Todd Vaarwerk, a white man with grey-brown hair and beard, speaks at a press conference. He is sitting in a manual wheelchair, wearing dark pants, a brown windbreaker and light colored shirt. He's also wearing eyeglasses and a baseball hat. His hands are in his pockets. A group of people are standing behind him, in front of a paratransit bus.
Emyle Watkins
/
WBFO
Todd Vaarwerk speaks at a press conference in Downtown Buffalo on April 12, 2022 (file photo).

In New York, hundreds of organizations administer the Medicaid-funded Consumer Directed Personal Assistance Program - or CDPAP. This program allows people with disabilities to hire their own personal care aids, who are paid through these organizations, which are considered fiscal intermediaries, or FIs. But in a last-minute curveball, the state included a move to a single FI in their state budget.

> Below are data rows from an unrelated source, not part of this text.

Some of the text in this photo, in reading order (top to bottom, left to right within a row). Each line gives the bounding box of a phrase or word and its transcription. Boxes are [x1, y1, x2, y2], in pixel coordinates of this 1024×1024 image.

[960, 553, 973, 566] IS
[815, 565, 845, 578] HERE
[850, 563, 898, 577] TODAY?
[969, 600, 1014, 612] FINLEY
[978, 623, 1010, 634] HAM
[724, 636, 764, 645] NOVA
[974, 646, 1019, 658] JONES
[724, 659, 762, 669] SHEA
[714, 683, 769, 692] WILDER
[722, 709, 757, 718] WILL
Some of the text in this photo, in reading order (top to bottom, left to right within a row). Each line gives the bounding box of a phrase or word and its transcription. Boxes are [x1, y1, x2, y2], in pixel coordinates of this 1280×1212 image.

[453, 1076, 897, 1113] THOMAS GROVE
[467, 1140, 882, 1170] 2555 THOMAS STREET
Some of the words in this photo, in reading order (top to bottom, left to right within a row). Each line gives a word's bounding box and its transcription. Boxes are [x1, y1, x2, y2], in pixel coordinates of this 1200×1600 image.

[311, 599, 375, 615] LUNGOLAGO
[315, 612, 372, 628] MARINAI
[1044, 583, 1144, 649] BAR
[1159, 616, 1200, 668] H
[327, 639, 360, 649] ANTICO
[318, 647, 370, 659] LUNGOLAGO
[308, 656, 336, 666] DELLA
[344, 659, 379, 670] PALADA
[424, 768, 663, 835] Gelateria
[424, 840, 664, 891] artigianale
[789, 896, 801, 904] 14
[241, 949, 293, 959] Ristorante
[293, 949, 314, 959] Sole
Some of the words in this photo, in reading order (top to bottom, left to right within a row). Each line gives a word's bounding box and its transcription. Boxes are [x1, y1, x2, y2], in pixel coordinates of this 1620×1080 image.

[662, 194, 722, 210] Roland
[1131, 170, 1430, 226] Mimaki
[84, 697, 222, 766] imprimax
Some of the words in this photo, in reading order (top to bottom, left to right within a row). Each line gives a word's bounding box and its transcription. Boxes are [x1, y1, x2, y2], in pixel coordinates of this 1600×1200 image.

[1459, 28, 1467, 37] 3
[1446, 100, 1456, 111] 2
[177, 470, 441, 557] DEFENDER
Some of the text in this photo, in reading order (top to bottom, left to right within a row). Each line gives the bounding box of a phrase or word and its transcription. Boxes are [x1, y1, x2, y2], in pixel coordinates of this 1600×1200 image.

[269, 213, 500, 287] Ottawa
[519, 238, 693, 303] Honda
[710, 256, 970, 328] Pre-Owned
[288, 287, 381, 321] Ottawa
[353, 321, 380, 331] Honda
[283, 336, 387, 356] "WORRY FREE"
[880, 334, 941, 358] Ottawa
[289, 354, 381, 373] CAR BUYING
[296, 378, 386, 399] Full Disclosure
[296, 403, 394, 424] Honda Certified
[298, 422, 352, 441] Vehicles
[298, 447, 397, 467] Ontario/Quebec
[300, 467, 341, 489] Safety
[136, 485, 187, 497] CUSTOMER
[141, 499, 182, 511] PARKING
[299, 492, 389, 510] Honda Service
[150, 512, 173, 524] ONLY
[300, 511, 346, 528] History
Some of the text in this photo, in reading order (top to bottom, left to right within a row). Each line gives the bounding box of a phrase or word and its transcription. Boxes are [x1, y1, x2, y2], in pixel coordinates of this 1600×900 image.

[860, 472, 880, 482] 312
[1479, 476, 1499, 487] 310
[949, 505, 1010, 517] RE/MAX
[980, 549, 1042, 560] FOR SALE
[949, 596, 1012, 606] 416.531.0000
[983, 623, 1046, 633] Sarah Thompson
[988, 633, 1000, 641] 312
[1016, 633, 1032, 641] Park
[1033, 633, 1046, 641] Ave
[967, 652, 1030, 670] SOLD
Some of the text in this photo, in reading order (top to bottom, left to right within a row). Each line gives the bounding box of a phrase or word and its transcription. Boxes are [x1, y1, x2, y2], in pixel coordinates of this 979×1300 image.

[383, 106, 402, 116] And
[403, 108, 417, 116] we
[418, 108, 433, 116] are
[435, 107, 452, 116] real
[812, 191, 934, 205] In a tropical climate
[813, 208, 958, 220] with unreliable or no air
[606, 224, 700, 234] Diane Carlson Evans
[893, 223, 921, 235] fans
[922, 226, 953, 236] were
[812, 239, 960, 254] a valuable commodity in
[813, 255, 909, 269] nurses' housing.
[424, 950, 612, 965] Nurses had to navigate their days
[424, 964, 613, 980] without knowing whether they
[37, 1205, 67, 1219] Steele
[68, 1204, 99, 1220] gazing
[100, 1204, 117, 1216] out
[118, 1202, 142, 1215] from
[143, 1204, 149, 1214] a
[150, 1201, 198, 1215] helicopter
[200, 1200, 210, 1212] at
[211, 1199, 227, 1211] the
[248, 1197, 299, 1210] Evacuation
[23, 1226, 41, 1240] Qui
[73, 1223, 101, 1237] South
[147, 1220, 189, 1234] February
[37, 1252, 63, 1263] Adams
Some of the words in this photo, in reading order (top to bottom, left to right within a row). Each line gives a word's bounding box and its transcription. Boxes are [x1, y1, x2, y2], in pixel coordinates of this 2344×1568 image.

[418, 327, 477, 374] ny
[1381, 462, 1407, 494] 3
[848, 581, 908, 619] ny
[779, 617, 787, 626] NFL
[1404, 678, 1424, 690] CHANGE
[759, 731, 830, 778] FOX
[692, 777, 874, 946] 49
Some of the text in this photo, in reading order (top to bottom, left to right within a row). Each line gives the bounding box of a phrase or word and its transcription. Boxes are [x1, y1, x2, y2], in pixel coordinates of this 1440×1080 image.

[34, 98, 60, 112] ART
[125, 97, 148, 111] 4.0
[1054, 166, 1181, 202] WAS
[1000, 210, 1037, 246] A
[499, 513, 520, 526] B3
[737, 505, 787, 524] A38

WBFO's Disabilities Beat Reporter Emyle Watkins spoke with Todd Vaarwerk after the budget passed last weekend. He serves as the chief policy officer at Western New York Independent Living and was in Albany as this change was negotiated. Vaarwerk is also among hundreds of thousands of New Yorkers using this program. They discuss how these changes will impact consumers like him, independent living centers like the one he works at, and how soon this change might happen.

Plain Language Description: Some people with disabilities who need help doing daily tasks like chores or showering, but who can live on their own, have an aide who helps them. In New York, people with disabilities can choose who this aide is, such as hiring a friend or a neighbor to do this work for them. But the money to pay the aide comes through a state health insurance program, called Medicaid. So a business, called a fiscal intermediary, handles paying the aide. This means a person with a disability tells the business who they want to have work for them as an aide, and the business uses state insurance money to pay the aide.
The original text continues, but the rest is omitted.